Find more fresh recipe inspiration at NatureSweet.com.

Caprese Skewers
Recipe courtesy of The Produce Moms
Prep time: 15 minutes
Yield: 12 skewers
- 2 tablespoons extra-virgin olive oil
- 1 teaspoon Italian seasoning
- 1/3 teaspoon cracked red pepper flakes
- 1/8 teaspoon garlic powder
- 1/8 teaspoon kosher salt
- 12 mozzarella balls, drained and patted dry
- 24 ounces NatureSweet Constellation tomatoes
- 24 small fresh basil leaves
- 1/4 cup balsamic glaze (optional)
- In small bowl, whisk olive oil, Italian seasoning, cracked red pepper flakes, garlic powder and salt.
- Add mozzarella balls. Gently toss to coat. For best flavor, marinate in fridge overnight.
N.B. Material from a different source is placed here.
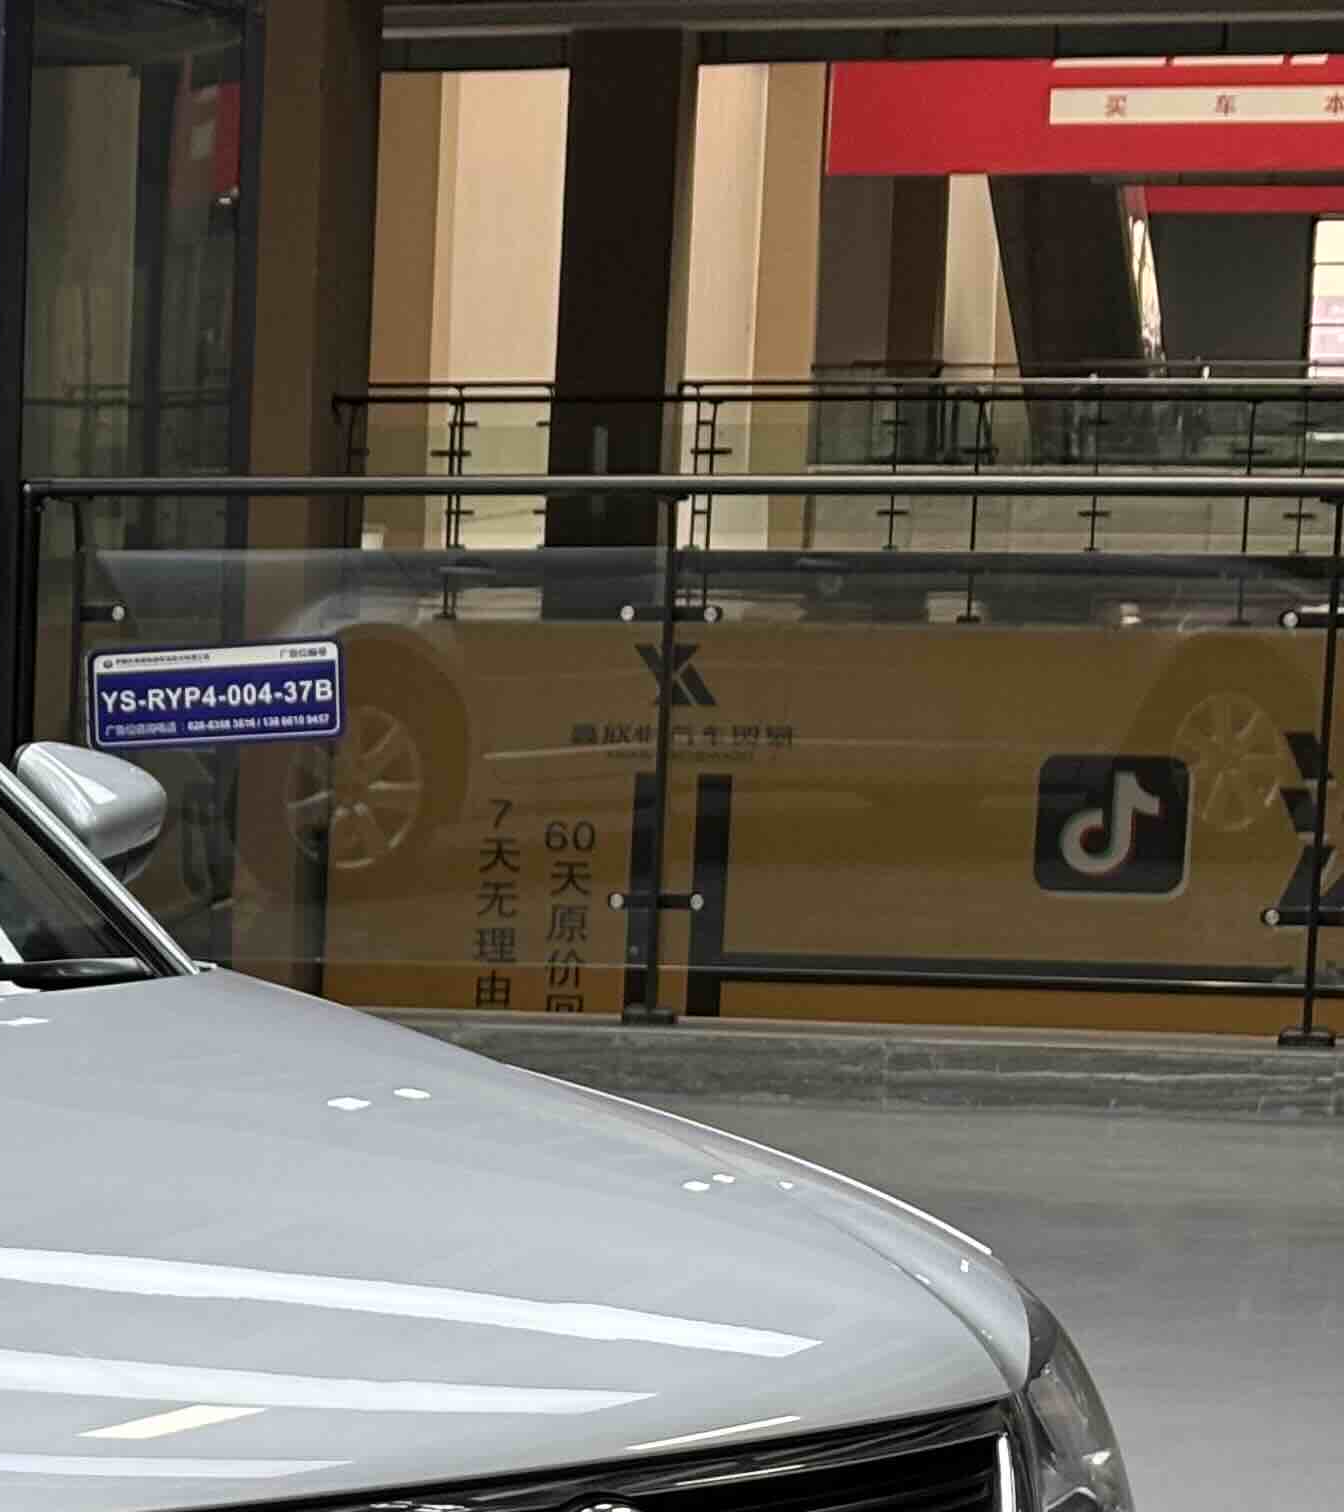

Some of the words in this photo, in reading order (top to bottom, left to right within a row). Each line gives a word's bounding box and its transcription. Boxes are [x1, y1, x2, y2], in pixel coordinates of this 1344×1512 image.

[100, 679, 334, 713] YS-RYP4-004-37B
[474, 799, 521, 1007] 7天无理由
- To assemble skewers: Thread tomato, folded basil leaf, marinated mozzarella ball, another folded basil leaf and another tomato. Repeat to make 12 skewers.
- Place on serving platter. If desired, drizzle balsamic glaze over skewers on serving platter.

Bruschetta Bagels
Prep time: 1 hour, 20 minutes
Yield: 8 bagels
Bagels:
- 1 packet dry yeast
- 1 tablespoon sugar
- 1 1/4 cups lukewarm water, divided
- 3 1/2 cups flour
- 1 teaspoon salt
- sesame seeds
Bruschetta:
- 2 cups NatureSweet Glorys cherry tomatoes
- 1/4 cup olive oil
- 2 cloves garlic
- 1/2 cup basil
Topping:
- 1 cup goat cheese
- 1/4 cup balsamic vinegar
- salt, to taste
- pepper, to taste
- To make bagels: In bowl, mix yeast, sugar and 1/2 cup lukewarm water; let rest 5 minutes.
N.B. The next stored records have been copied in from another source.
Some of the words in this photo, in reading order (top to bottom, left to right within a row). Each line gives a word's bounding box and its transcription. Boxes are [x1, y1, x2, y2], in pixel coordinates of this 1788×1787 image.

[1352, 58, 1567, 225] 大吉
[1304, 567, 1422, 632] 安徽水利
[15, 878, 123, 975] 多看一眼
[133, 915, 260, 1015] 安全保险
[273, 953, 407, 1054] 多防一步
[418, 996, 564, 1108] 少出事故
- In separate large bowl, place flour and add yeast mixture, remaining lukewarm water and salt. Mix thoroughly with hands until homogenous mixture is obtained. Transfer to greased bowl, cover with plastic wrap and let rise 1 hour.
- Once dough rises, place on flat surface and divide into eight equal parts. Form small dough balls and, using finger, make hole in center of each to form bagels. Place on baking sheet, cover with kitchen towel and let rise 15 minutes.
- Preheat oven to 390 F.
- In pot of hot water over medium heat, cook each bagel 5 seconds, making sure they do not stick to each other. Remove from water and drain thoroughly. Place on parchment paper-lined plate, sprinkle with sesame seeds and bake 25 minutes.
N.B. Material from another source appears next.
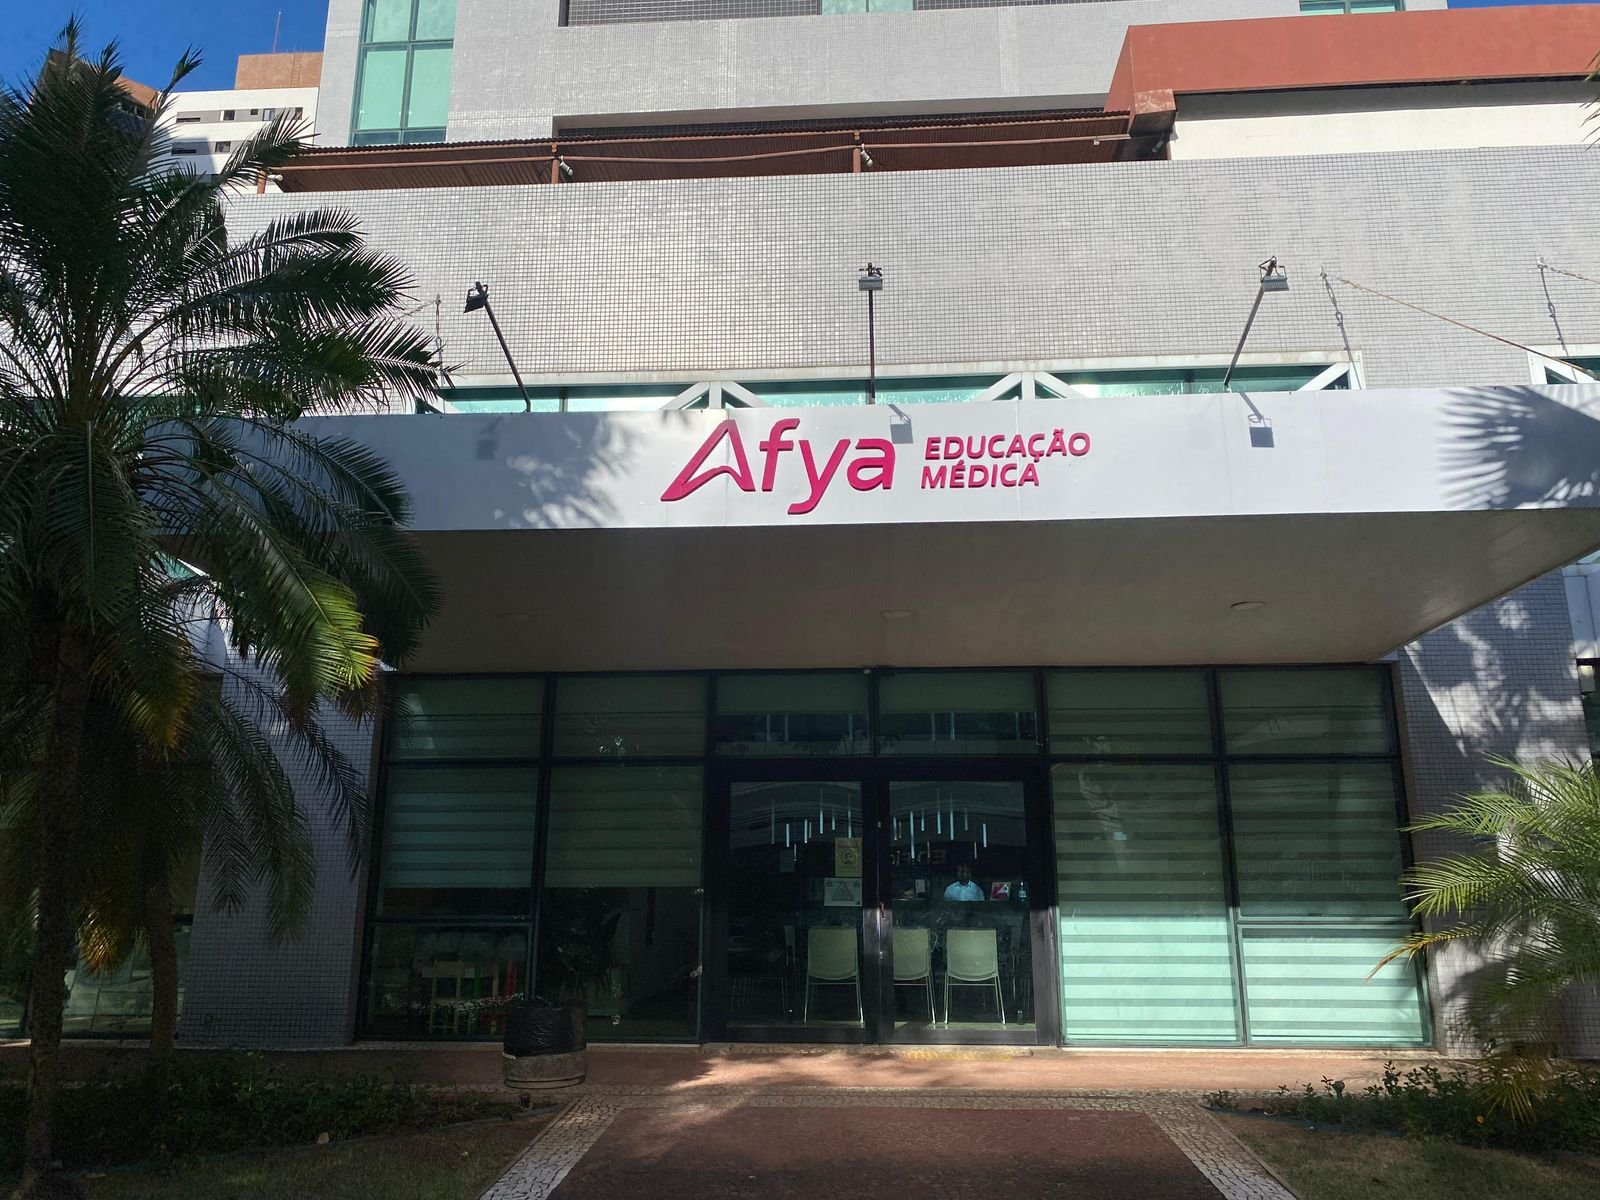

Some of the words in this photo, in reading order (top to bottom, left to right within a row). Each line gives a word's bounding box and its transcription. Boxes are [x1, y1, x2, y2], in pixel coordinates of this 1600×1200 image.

- To make bruschetta: On cutting board, use knife to cut tomatoes in half. Transfer to bowl; add olive oil, garlic and basil then mix. Set aside.
- To make topping and serve: Cut bagels in half, place on cutting board and use knife to spread goat cheese on each bagel half. Add bruschetta and drops of balsamic vinegar then sprinkle with salt and pepper, to taste.